__EXERCISE INSTRUCTIONS__:
With pictures removed, output every record below exactly as written.

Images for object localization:

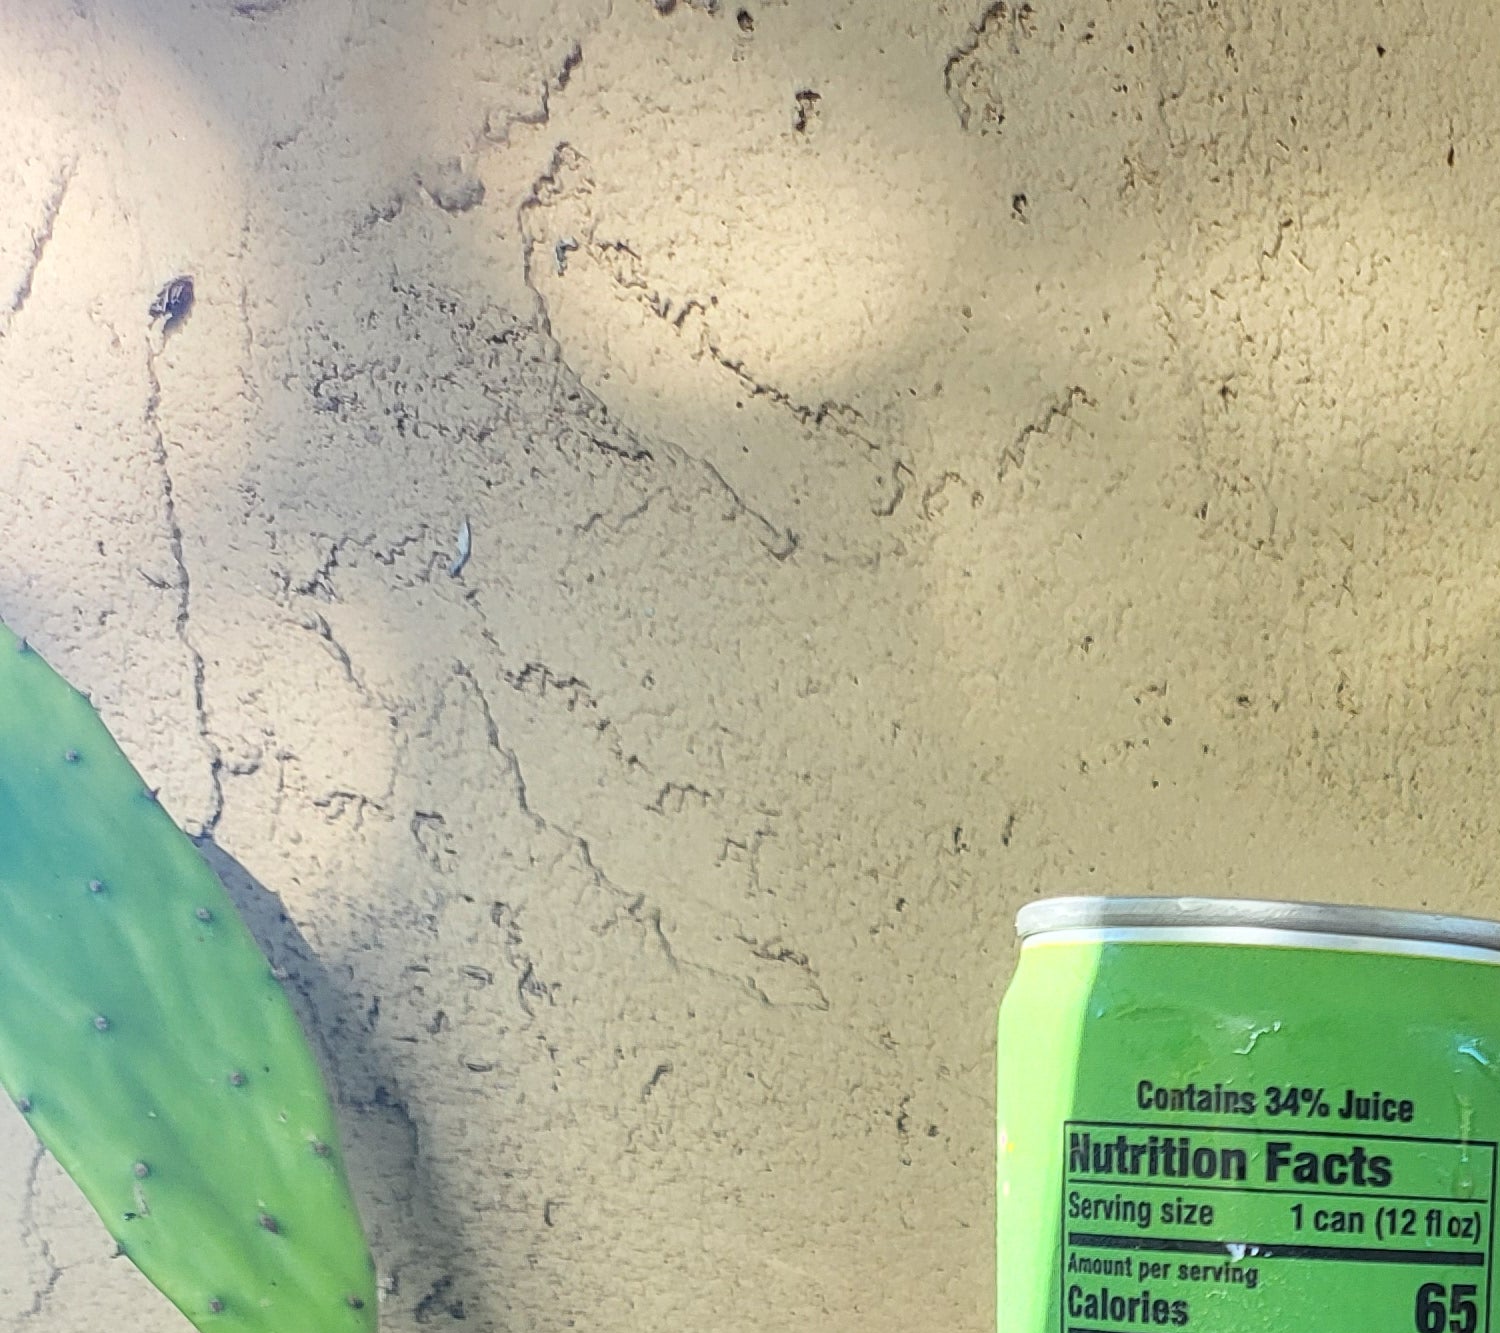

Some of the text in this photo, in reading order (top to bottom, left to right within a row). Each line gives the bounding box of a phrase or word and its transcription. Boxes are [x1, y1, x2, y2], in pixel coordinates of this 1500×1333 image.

[1138, 1080, 1414, 1122] Contains 34% Juice
[1070, 1132, 1392, 1187] Nutrition Facts
[1069, 1192, 1481, 1244] Serving size 1 can (12 fl oz)
[1068, 1252, 1258, 1289] Amount per serving
[1068, 1285, 1189, 1326] Calories

__YOUR RESPONSE__:
Some of the text in this photo, in reading order (top to bottom, left to right within a row). Each line gives the bounding box of a phrase or word and its transcription. Boxes are [x1, y1, x2, y2], in pixel coordinates of this 1500×1333 image.

[1138, 1080, 1414, 1122] Contains 34% Juice
[1070, 1132, 1392, 1187] Nutrition Facts
[1069, 1192, 1481, 1244] Serving size 1 can (12 fl oz)
[1068, 1252, 1258, 1289] Amount per serving
[1068, 1285, 1189, 1326] Calories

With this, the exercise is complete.